Maracanã é diferente de tudo; vê aquele estádio imenso; sentia que eu tava entrando numa dimensão diferente; Maracanã é muito maior, muito mais gente, o clima é outro; Maracanã é incomparável pela grandeza, pela história; Maracanã tem uma magia diferente, a localidade, o espaço, a beleza, o campo; coisa linda, maravilhosa, o Maracanã foi uma das cosas mais bonitas que existia aqui no Rio de Janeiro, uma coisa fantástica!

Esse estádio monumental vivenciado por todos esses anos acaba fazendo parte da história de cada um dos torcedores, se transforma na extensão da própria casa, um templo sagrado. Nesse espaço muito dos informantes experimentam diversos sentimentos a cada jogo, fazem amizades, usufruem de um lazer que os retira do cotidiano, das atividades corriqueiras. É nessa casa que eles tecem suas redes de sociabilidade e constroem sua identidade de torcedores, como sujeito coletivo:

Maracanã é como se fosse a nossa casa; aquilo lá é meu templo; um sentimento de pertencimento; relação de familiaridade que eu tinha com o Maracanã;ir ao Maracanã, eu faço desde que eu tinha 15 anos, então há mais de vinte anos que eu faço isso, então é quase que uma relação de amizade, de família, que a gente tem com o Maracanã.

Ser representado como casa demonstra o aconchego desse espaço, a afinidade que se construiu proporcionada pelo passar dos anos. São idas e vindas nos finais de semana, são experiências acumuladas a cada jogo, são sentimentos vividos que vão da alegria à tristeza, da derrota à vitória. Um espaço desconhecido se torna lugar quando, a partir das experiências vividas, do transcurso do tempo e da intensidade das emoções, os indivíduos desenvolvem uma afeição por ele (TUAN, 1983TUAN, Yi-Fu. Espaço e lugar: a perspectiva da experiência. São Paulo: DIFEL, 1983. ). E o Maracanã se tornou essa casa para os torcedores, esse lugar que marca sua vida, que traz na lembrança momentos importantes.

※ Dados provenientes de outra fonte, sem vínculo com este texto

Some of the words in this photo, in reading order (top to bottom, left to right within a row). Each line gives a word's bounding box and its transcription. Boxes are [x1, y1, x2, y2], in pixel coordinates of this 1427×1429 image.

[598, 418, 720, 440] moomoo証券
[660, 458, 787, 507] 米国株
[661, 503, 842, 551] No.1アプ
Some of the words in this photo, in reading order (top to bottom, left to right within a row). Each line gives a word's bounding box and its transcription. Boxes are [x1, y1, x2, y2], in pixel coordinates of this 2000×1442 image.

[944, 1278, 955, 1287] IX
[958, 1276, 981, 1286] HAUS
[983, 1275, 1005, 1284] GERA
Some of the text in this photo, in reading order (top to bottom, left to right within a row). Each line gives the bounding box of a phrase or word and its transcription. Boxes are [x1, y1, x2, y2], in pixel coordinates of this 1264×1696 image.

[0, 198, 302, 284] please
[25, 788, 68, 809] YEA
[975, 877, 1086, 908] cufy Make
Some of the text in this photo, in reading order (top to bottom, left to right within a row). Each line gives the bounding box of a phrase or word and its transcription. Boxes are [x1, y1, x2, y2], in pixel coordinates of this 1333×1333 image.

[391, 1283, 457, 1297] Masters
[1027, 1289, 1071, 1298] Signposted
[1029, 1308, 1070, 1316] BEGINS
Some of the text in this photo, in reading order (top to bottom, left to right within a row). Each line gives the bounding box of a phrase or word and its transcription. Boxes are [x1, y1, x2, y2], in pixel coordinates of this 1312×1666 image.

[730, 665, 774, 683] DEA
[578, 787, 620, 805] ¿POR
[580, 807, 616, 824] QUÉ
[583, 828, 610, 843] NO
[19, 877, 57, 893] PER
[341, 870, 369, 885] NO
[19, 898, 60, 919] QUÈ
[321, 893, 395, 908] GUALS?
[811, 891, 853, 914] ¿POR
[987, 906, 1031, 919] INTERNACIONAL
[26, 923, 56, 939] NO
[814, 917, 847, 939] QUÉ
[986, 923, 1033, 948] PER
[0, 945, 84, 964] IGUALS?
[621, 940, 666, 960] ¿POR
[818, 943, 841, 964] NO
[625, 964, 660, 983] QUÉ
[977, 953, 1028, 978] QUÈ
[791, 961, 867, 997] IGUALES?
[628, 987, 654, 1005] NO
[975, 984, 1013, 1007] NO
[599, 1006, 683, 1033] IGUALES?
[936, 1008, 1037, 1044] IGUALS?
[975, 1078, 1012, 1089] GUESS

No quadro, a zona de contraste apresenta termos interessantes que se mostram representativos para um subgrupo uma vez que foram prontamente evocados. Termos como lazer, amizade e lembranças mostram a importância desse espaço para a sociabilidade dos indivíduos.

Na primeira periferia identificamos o termo “nostalgia”. Esse termo possivelmente aparece porque os jogos, no período da coleta dos dados, estavam sendo realizados em outros estádios, logo, ao serem questionados, os torcedores demonstraram saudade dos jogos realizados no Maracanã. Essa zona do quadro deve ser analisada entendendo que ela está muito próxima do núcleo central. São termos que circulam ao redor dos elementos centrais preservando esse núcleo duro. Além de demonstrarem saudosismo pelos jogos naquele espaço, também relembram jogadas e jogadores que marcaram a vivência no espaço e de alguma forma também simbolizam o estádio.

Medo de perder; acabaram com a nossa casa; espero que ele não perca aquela magia de antes. A gente sente muita falta do Maracanã; tá sempre na minha memória e tá sempre na minha lembrança;agora vai fazer falta o cimento, o concreto que a gente estava acostumado a ficar sentado, ficar em pé;dá uma nostalgia, dá uma tristeza;olha, sinceramente, nunca o Maracanã vai ser aquilo que foi;perdemos o Maracanã; tiraram o Maracanã do povo.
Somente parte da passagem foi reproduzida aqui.